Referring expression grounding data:
· · ·

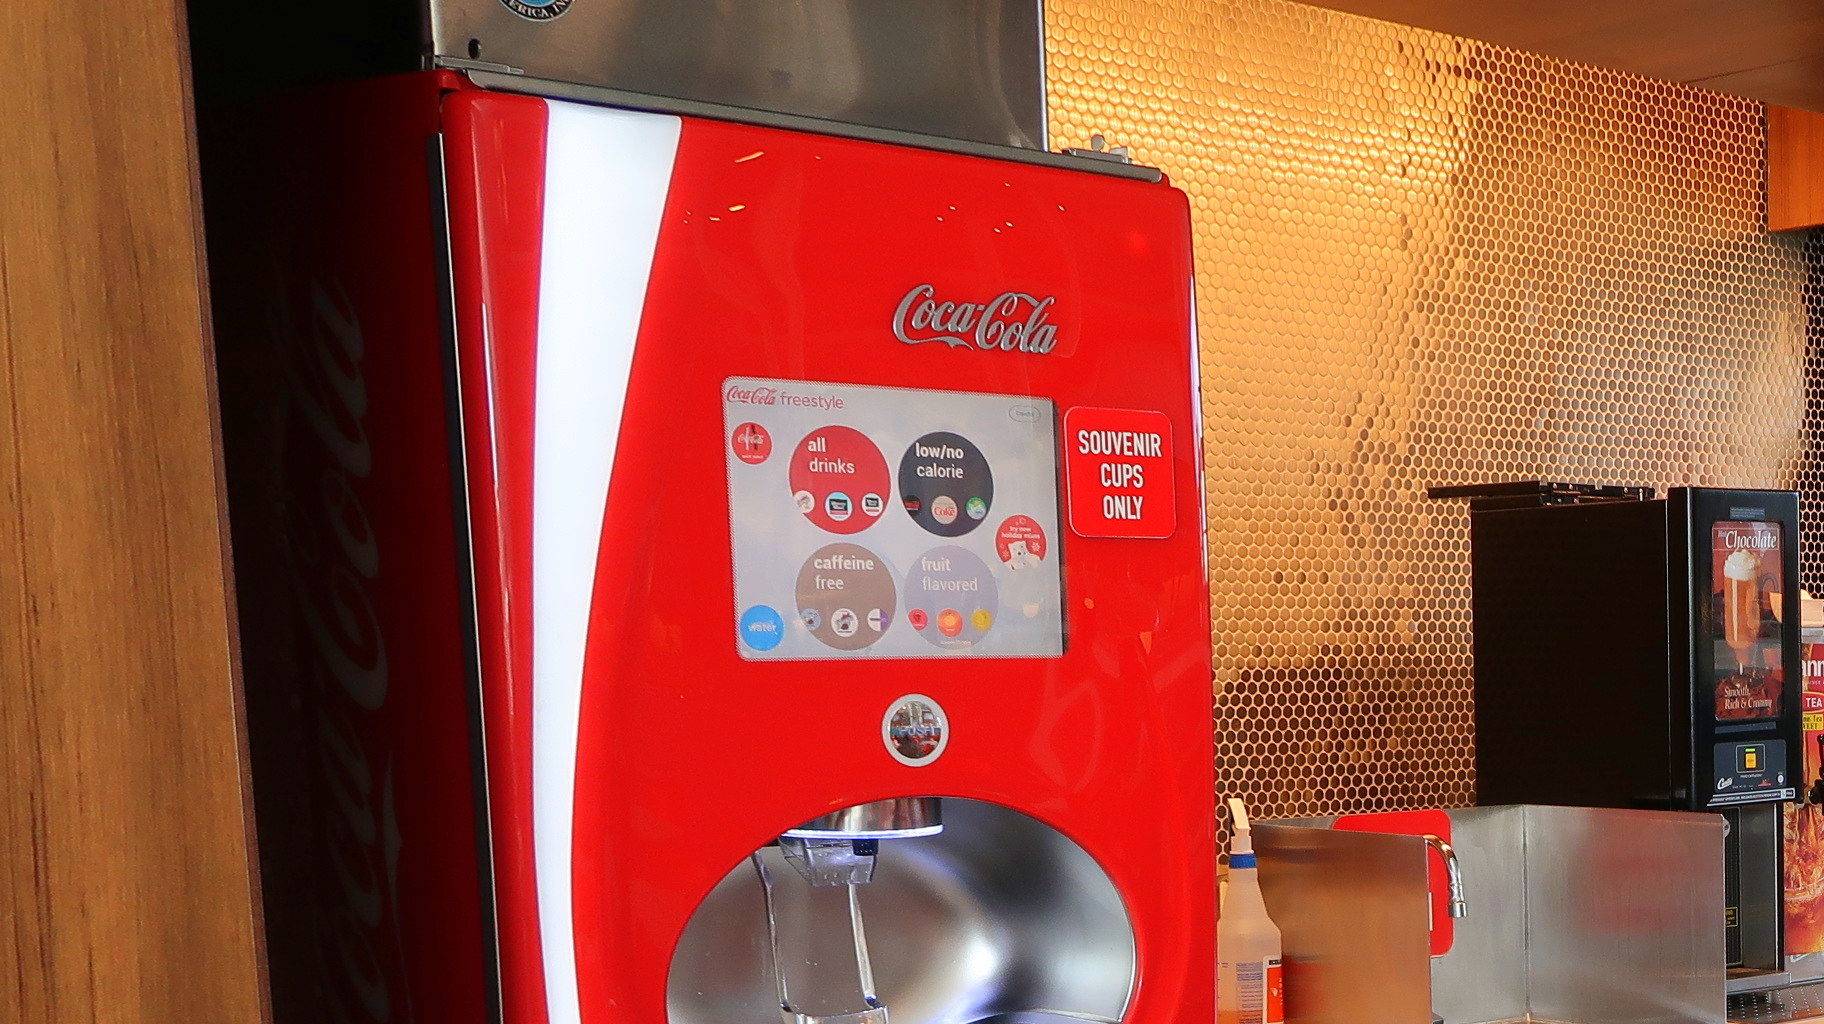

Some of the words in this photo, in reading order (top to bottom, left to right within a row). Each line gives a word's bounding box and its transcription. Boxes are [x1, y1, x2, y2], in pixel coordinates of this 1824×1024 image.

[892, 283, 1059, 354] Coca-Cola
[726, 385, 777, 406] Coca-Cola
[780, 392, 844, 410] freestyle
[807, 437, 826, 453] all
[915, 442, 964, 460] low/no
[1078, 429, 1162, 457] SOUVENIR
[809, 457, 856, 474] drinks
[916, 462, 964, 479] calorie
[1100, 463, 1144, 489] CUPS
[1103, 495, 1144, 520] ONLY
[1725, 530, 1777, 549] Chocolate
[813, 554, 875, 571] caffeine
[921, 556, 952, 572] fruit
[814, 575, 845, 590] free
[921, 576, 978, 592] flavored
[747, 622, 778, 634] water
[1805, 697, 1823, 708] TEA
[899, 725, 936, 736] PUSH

· · ·

**Directions for this task:**
When you repeat the data, keep every line exact and drop the images.

**Task answer:**
Some of the words in this photo, in reading order (top to bottom, left to right within a row). Each line gives a word's bounding box and its transcription. Boxes are [x1, y1, x2, y2], in pixel coordinates of this 1824×1024 image.

[892, 283, 1059, 354] Coca-Cola
[726, 385, 777, 406] Coca-Cola
[780, 392, 844, 410] freestyle
[807, 437, 826, 453] all
[915, 442, 964, 460] low/no
[1078, 429, 1162, 457] SOUVENIR
[809, 457, 856, 474] drinks
[916, 462, 964, 479] calorie
[1100, 463, 1144, 489] CUPS
[1103, 495, 1144, 520] ONLY
[1725, 530, 1777, 549] Chocolate
[813, 554, 875, 571] caffeine
[921, 556, 952, 572] fruit
[814, 575, 845, 590] free
[921, 576, 978, 592] flavored
[747, 622, 778, 634] water
[1805, 697, 1823, 708] TEA
[899, 725, 936, 736] PUSH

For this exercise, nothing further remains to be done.